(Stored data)
-.-.-
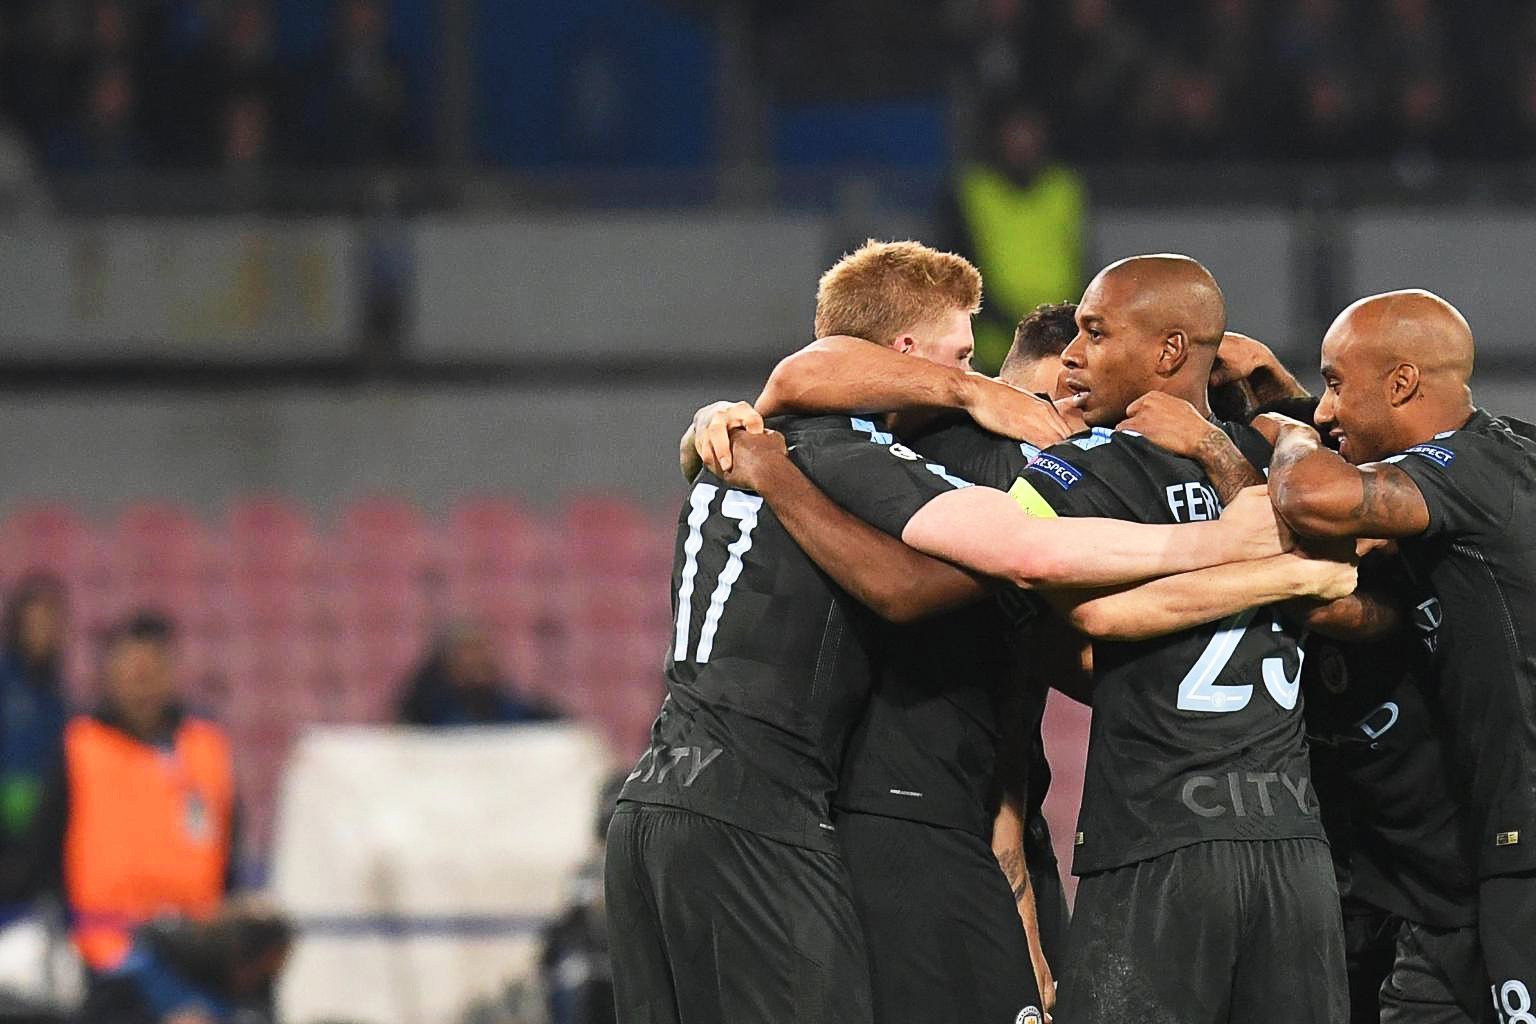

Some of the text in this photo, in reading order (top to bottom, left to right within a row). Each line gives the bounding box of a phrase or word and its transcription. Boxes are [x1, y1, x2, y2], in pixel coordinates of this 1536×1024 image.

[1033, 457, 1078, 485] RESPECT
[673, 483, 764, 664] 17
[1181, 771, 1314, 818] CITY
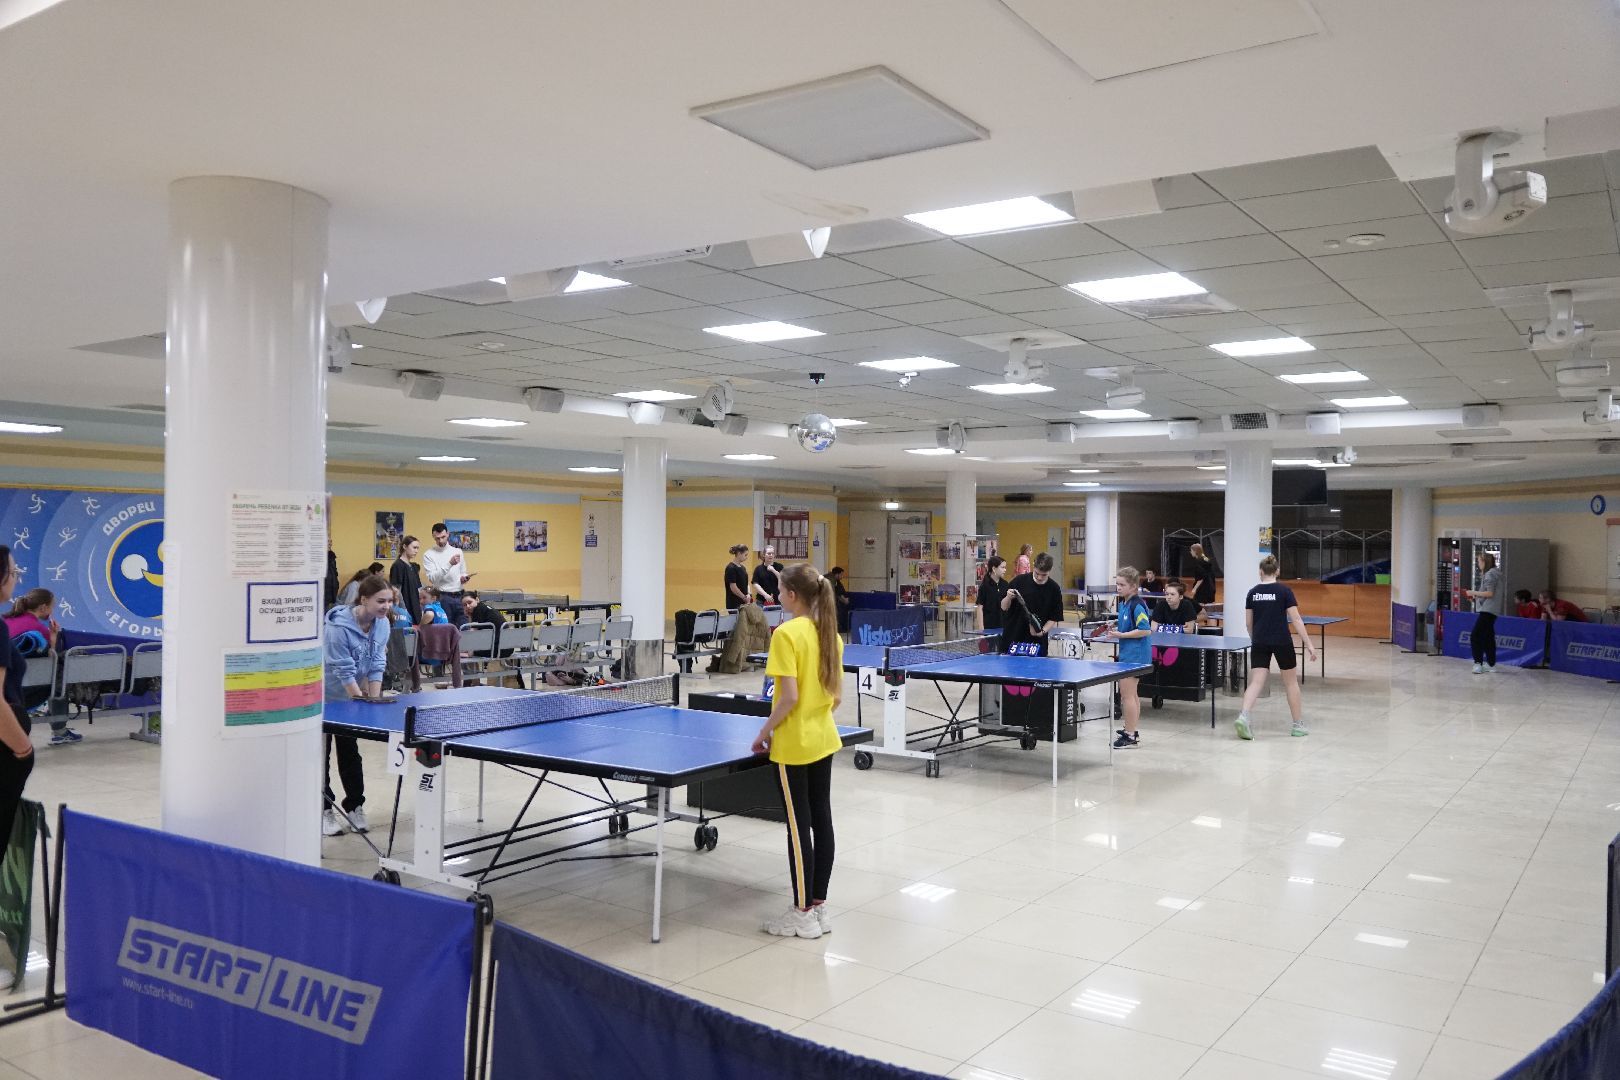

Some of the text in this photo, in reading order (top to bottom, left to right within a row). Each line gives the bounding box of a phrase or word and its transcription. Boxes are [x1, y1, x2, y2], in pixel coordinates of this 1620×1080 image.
-.-.-
■ **Exercise objective**: What's needed is an exact copy of every entry, free of pictures.

■ **Your solution**:
Some of the text in this photo, in reading order (top to bottom, left to right within a row). Each line gives the bounding box of a phrase or word and its transcription. Boxes are [x1, y1, x2, y2], in pixel coordinates of this 1536×1024 image.

[1033, 457, 1078, 485] RESPECT
[673, 483, 764, 664] 17
[1181, 771, 1314, 818] CITY

Some of the text in this photo, in reading order (top to bottom, left to right within a row). Each line gives the bounding box of a phrase or word and its transcription. Boxes are [x1, y1, x2, y2], in pixel coordinates of this 1620×1080 image.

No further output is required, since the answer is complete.